Studies conducted to determine optimal HCF sites have either applied deterministic approaches considering that all parameters are given [
21], stochastic/uncertain approaches assuming that some of the parameters or the system’s inputs are incomplete or inaccurate [
8,
45], or hybrid approaches integrating uncertainty in strategic policy modeling [
10]. Research in the deterministic paradigm often optimizes a health policy objective using optimization methodologies such as p-median or p-center. P-median problems aim to reduce the total necessary travel distance or time to facilities, which is a prominent indicator of the efficiency [
6,
46,
47]. The p-center, known as the min-max problem, aims to minimize the maximal distance from demand points to their nearest facilities [
7]. Another objective employed in the location set and maximal coverage location problems is to maximize population coverage with the minimum number of stations. Depending on the application, problem-specific objectives can be used. For example, in the maximal survival location problems in ambulances, predicted patient survival can be used as a measure of the quality of facility placements [
48]. Other researchers have adopted a multiple objectives optimization to choose locations based on a number of goals, such as minimizing the cost of constructions and maximizing service coverage, which gives a more realistic and representative problem formulation of the actual HCF locations decision-making mechanism [
24,
25]. To efficiently solve complex multiple objectives problems, studies have utilized metaheuristic algorithms to find an optimal or nearly optimal solution in a short time, such as genetic algorithm [
13], Lagrangian relaxation [
49], simulated annealing [
50,
51], and particle swarm optimization [
12,
52].
Critical health emergency situations such as biological attacks, pandemics, or infectious disease outbreaks require a fast and efficient and large-scale dispensing of important medical supplies, prophylaxis, or vaccines to prevent the spread of infectious diseases. Due to the importance of the POD locations, researchers have also used mathematical programming techniques such as linear programming or metaheuristics techniques (e.g., genetic algorithm) to find a POD optimal location based on some simple or complex health policy objectives (e.g., travel and waiting times) [
44,
53].
Due to the COVID-19 pandemic, several researchers have investigated methods for locating COVID-19 emergency health centers. Manupati et al. [
54] proposed a mixed-integer linear programming (MILP) model to develop a plasma supply chain network that simplifies the location of plasma banks as well as the allocation of delivery facilities to these plasma banks for COVID-19. Zhou et al. [
55] investigated the inherent spatial variability of COVID-19 transmission in the community and developed vaccine delivery tactics that took spatial prioritizing into account. They suggested a combined agent-based model and SEIR spatial model (susceptible-exposed-infected-recovered) [
56] to assess COVID-19 intra-city transmission’s spatial process.
Tavana et al. [
57] presented a mixed-integer linear programming model for fair and equitable COVID-19 vaccination distribution in developing countries. The model also considers time-dependent capacity and triple refrigeration requirements (i.e., cold, very cold, and ultra-cold). Lusiantoro et al. [
58] proposed a mathematical maximal coverage model to optimize the location of COVID-19 vaccination centers by maximizing the covered demand population and minimizing the total distance traveled by vaccine recipients. The model was demonstrated in a case study of a healthcare center in Yogyakarta, Indonesia. Kuvvetli [
59] developed a goal programming model for the location-allocation problem to optimize sample test locations to minimize total distance while maintaining the maximum availability and the minimum number of test sampling centers. The model was applied to two cities in Turkey. Faisal et al. [
60] presented a spatial analysis of COVID-19 centers in Jeddah city using kernel density estimation, incremental spatial autocorrelation, and hotspot analysis based on the population distribution and districts map. In this research, we assess the accessibility of COVID-19 vaccination centers using location-allocation maximal coverage under different capacity and access constraints and assumptions.

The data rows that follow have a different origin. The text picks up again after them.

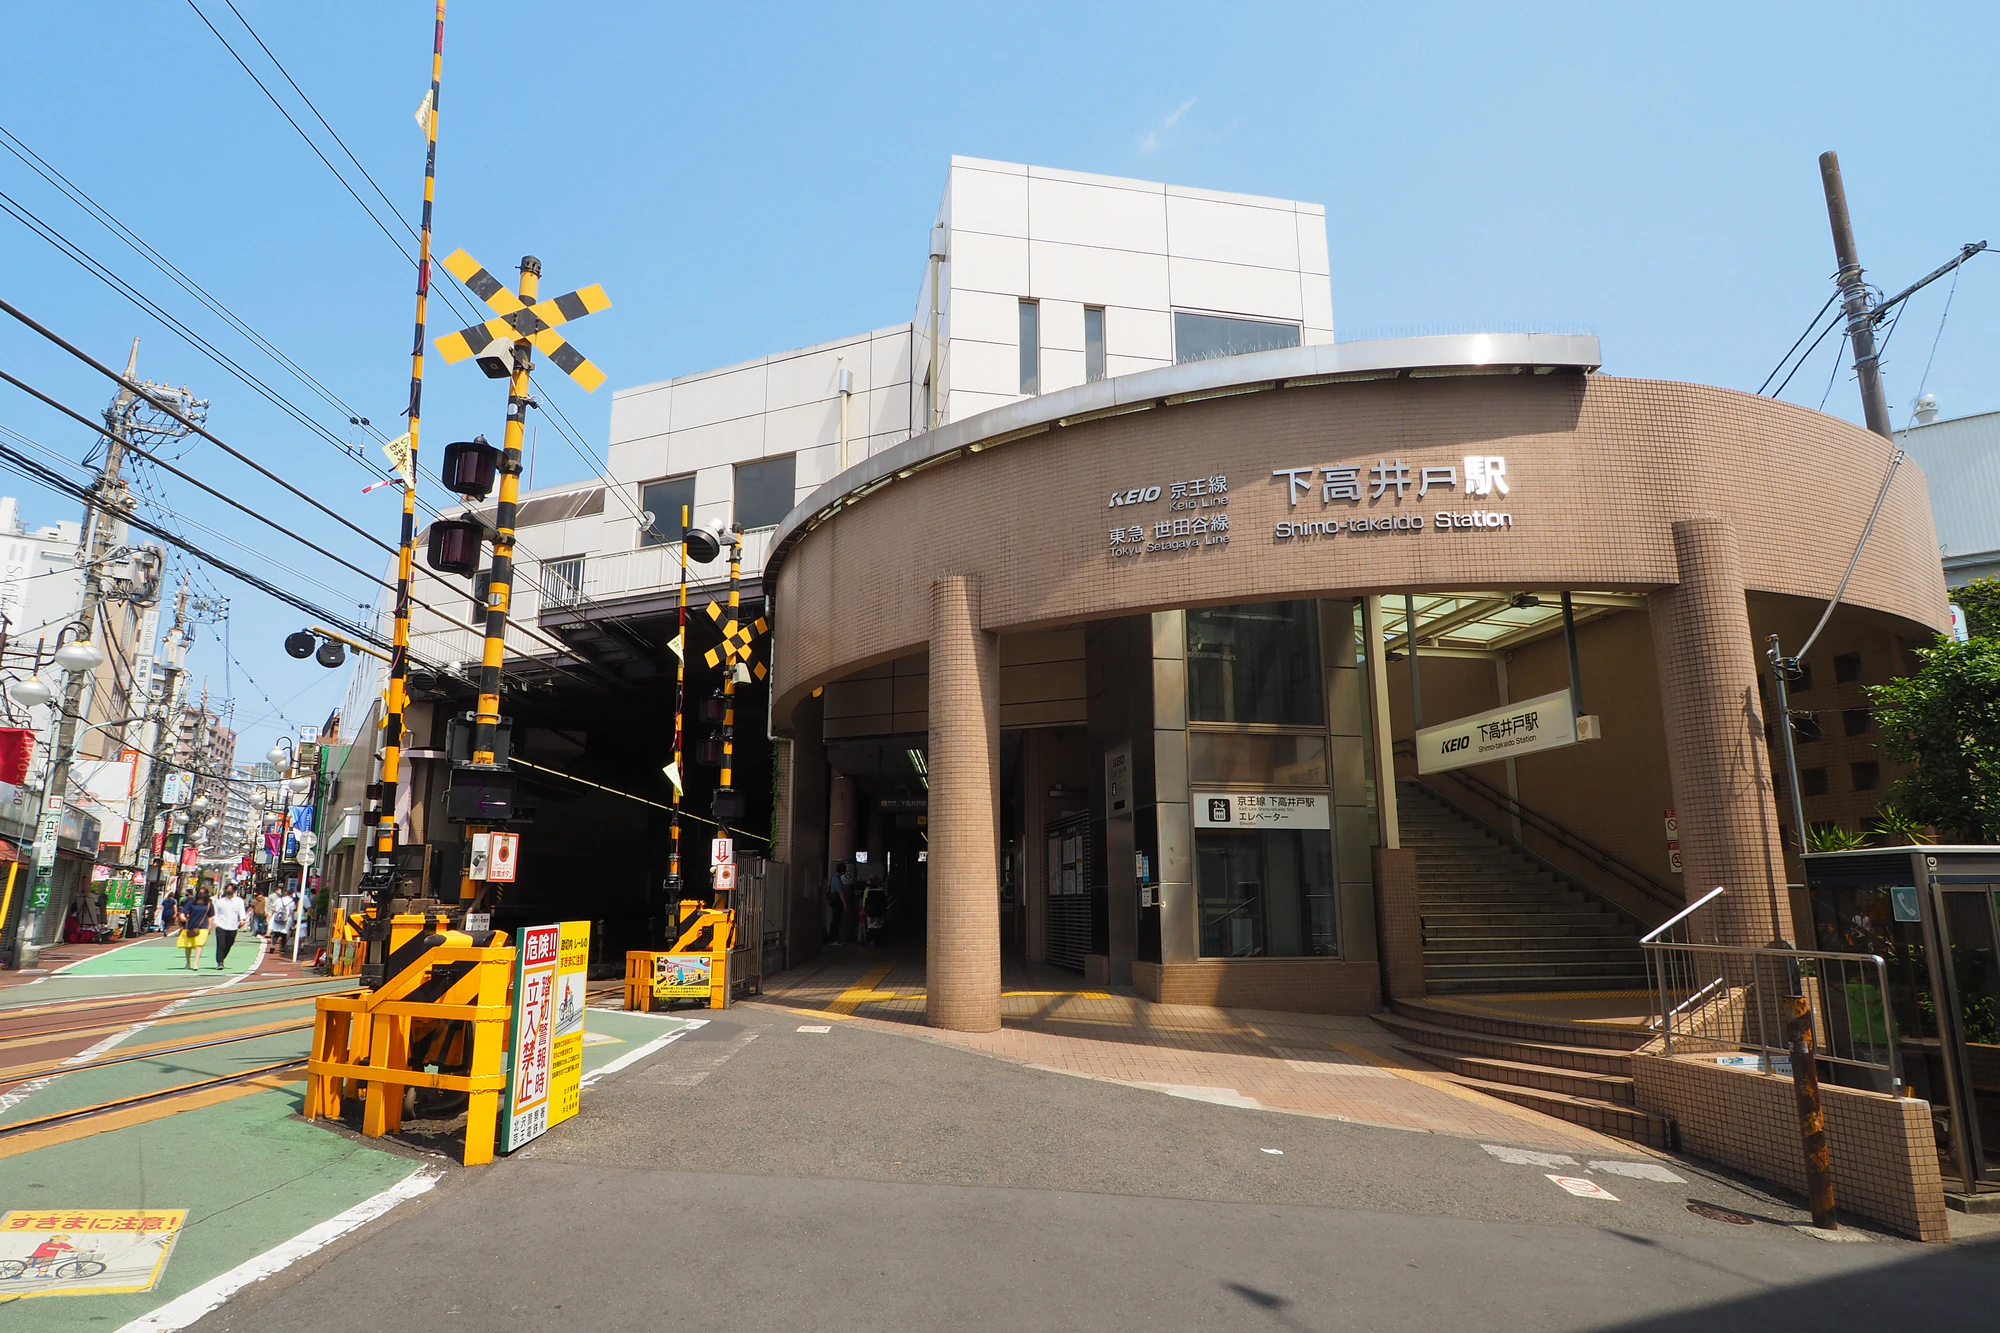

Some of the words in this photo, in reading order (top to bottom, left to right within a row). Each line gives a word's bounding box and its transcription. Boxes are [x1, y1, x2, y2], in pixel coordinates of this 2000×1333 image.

[1170, 475, 1228, 499] 京王線
[1272, 456, 1510, 505] 下高井戸駅
[1109, 486, 1162, 508] KEIO
[1201, 496, 1229, 508] Line
[1109, 525, 1145, 546] 東急
[1153, 513, 1230, 539] 世田谷線
[1276, 514, 1424, 538] Shimo-takaido
[1435, 511, 1513, 528] Station
[1110, 546, 1143, 557] Tokyu
[1146, 538, 1199, 552] Setagaya
[1205, 534, 1230, 545] Line
[1476, 711, 1540, 743] 下高井戸駅
[1440, 735, 1470, 754] KEIO
[1478, 739, 1516, 753] Shimo-takaido
[1516, 733, 1537, 746] Station
[1237, 796, 1266, 807] 京王線
[1269, 796, 1316, 808] 下高井戸駅
[1239, 812, 1289, 822] エレベーター
[44, 820, 55, 841] 立花
[518, 978, 540, 1103] 立入禁止
[534, 974, 551, 1094] 踏切警報時

4. Experiments and Results
4.1. Maximize Coverage
The maximize coverage method is used to select facilities such that all or most of the demand points would have access to facilities within a specified impedance cutoff. The district centroids represent the demand nodes, and the facilities are distributed based on their current locations in Jeddah city. The total number of COVID-19 centers available in Jeddah city is 42 centers and the number of the demand points is 156 districts. We used the location-allocation problem to maximize the coverage of the currently available facilities. The Euclidean distance between the facilities and the demand nodes was used to define the objective function of minimizing the travel time. The following assumptions have been used prior to the implementation:
Facilities are uncapacitated.
The impedance is based on time in minutes.

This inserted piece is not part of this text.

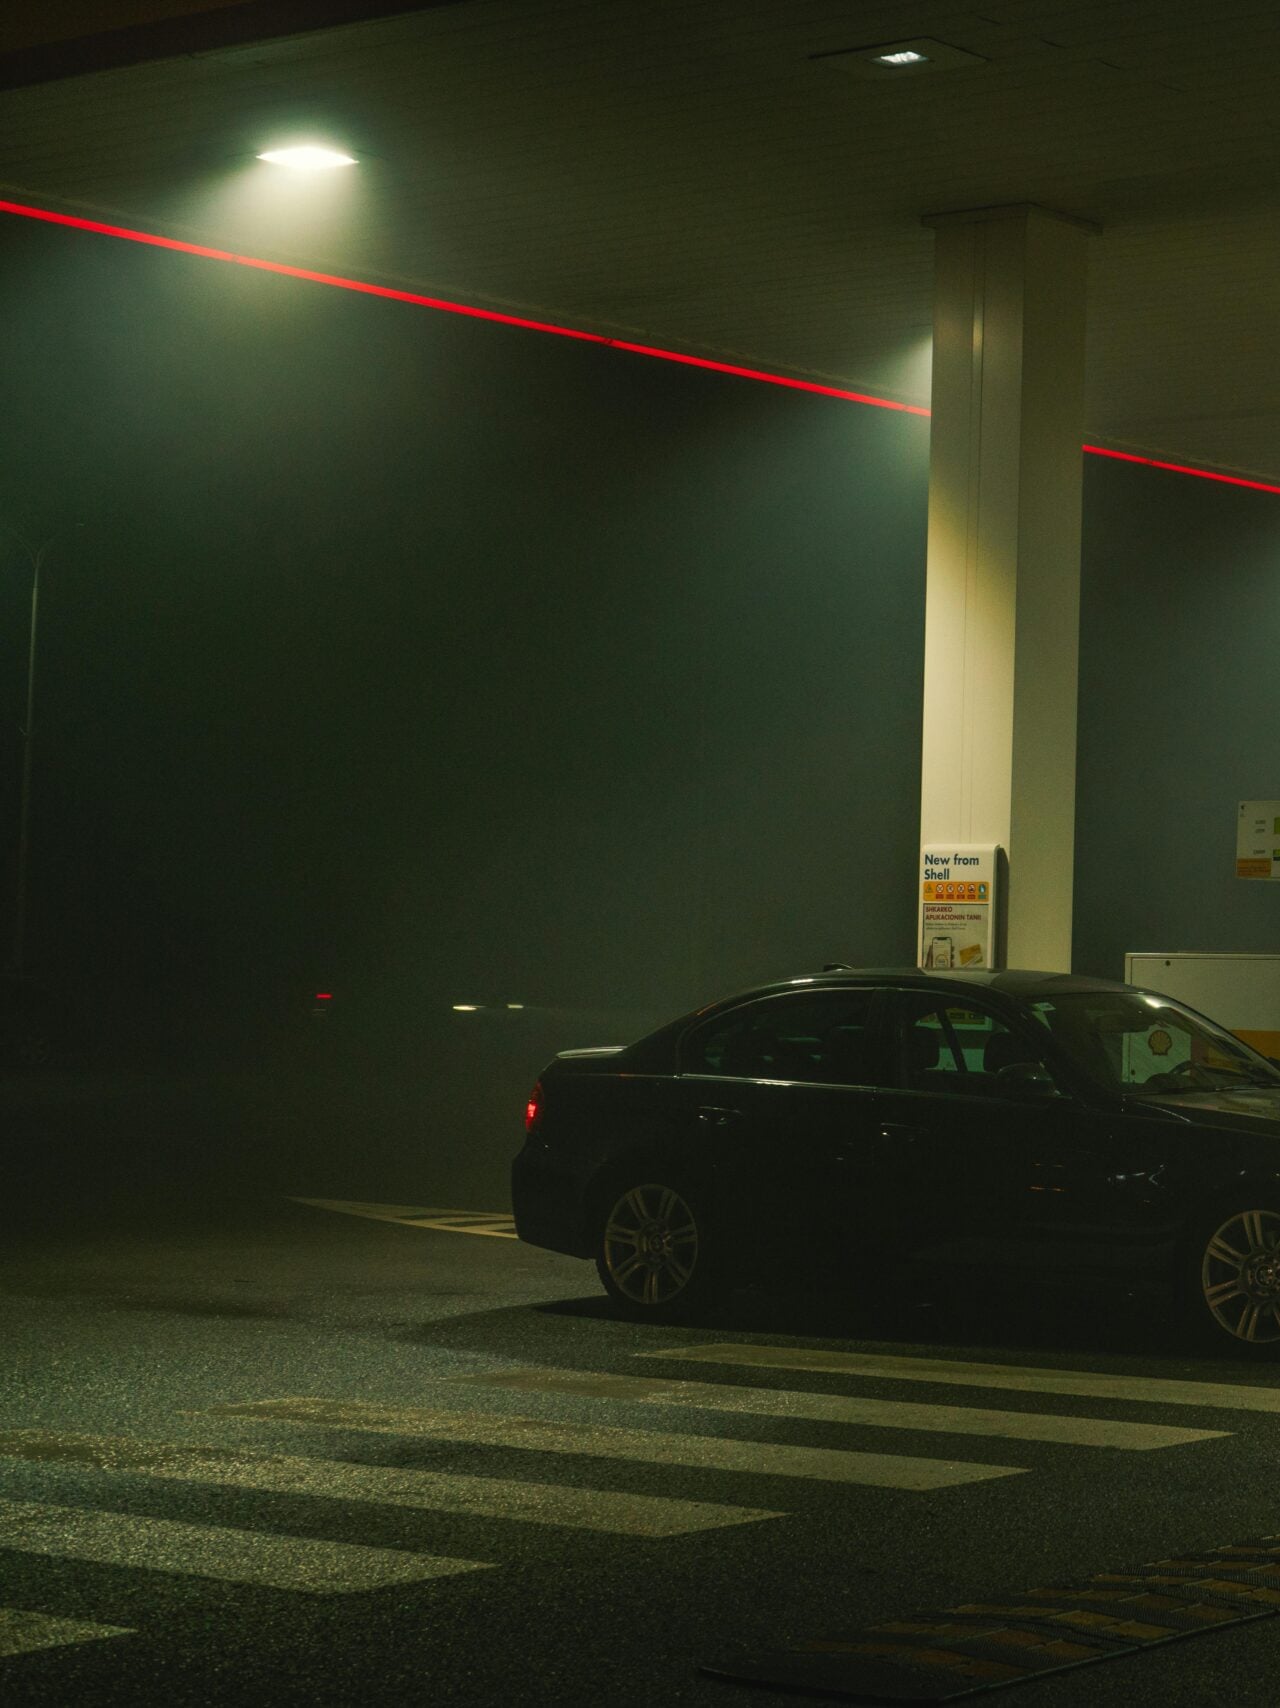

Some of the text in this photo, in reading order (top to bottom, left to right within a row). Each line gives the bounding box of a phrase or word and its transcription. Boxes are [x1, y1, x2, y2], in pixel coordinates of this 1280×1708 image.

[924, 854, 980, 866] New from
[924, 868, 950, 880] Shell

The travel type is from demand point to facility.
The impedance transformation is linear.
Roads are bidirectional.
Different impedance cutoffs (times) are used as a preliminary evaluation of the current distribution of the facilities with regard to the centroid districts. The impedance cutoffs used are 10, 20, 30, 40, 50, and 60 min. We tested the location-allocation approach with different impedance cutoffs to evaluate the accessibility of the centers under different travel time constraints and determine the most accessible centers to districts. This will help decision-makers choose the most accessible centers when the number of facilities needs to be reduced. We first used the 10 min impedance cutoff, and we found that 37 facilities were chosen and 5 candidate facilities were not allocated, which are King Abdulaziz Airport, King Abdulaziz Hospital, King Fahad General Hospital, Al Aziziyah Maternity and Children Hospital, and Al Mishrifah Health Center (Table 6). Moreover, 101 districts can have access to facilities within 10 min. It was found when the impedance cutoff was 20 min, 140 districts out of 156 districts were able to reach facilities, and for a 30 min impedance cutoff, almost all districts can reach facilities (155 districts) except for one district, which is the Al-Rabie district. Moreover, within the 40 impedance cutoff, all the 156 Jeddah districts can have access to the 37 chosen facilities out of 42 facilities.
Figure 2 presents the network analysis maps of the maximum coverage problem with different impedance cutoffs. This analysis shows that the current network of facilities was more than sufficient in covering the population districts if a 40 min impedance cutoff is assumed.
Table 3 presents the number of located demands and allocated facilities using the maximize coverage problem.
4.2. Maximize Capacitated Coverage
The maximize capacitated coverage is used in location allocation when facilities have limited capacity, such that all or the largest amount of demand may be satisfied without any facility exceeding its capacity. Furthermore, this strategy selects the set of facilities to minimize the entire sum of weighted impedance (demand assigned to a facility multiplied by impedance to or from the facility). Similar to the maximize coverage problem, the following assumptions are made in solving this model:
Each facility has a limited capacity to cover demand from a fixed number of districts (analyzed scenarios with three and four districts).
The impedance is based on time in minutes.
The travel type is from demand point to facility.
The impedance transformation is linear (equal to the cost of the shortest path between the demand point and the facility).
Roads are bidirectional.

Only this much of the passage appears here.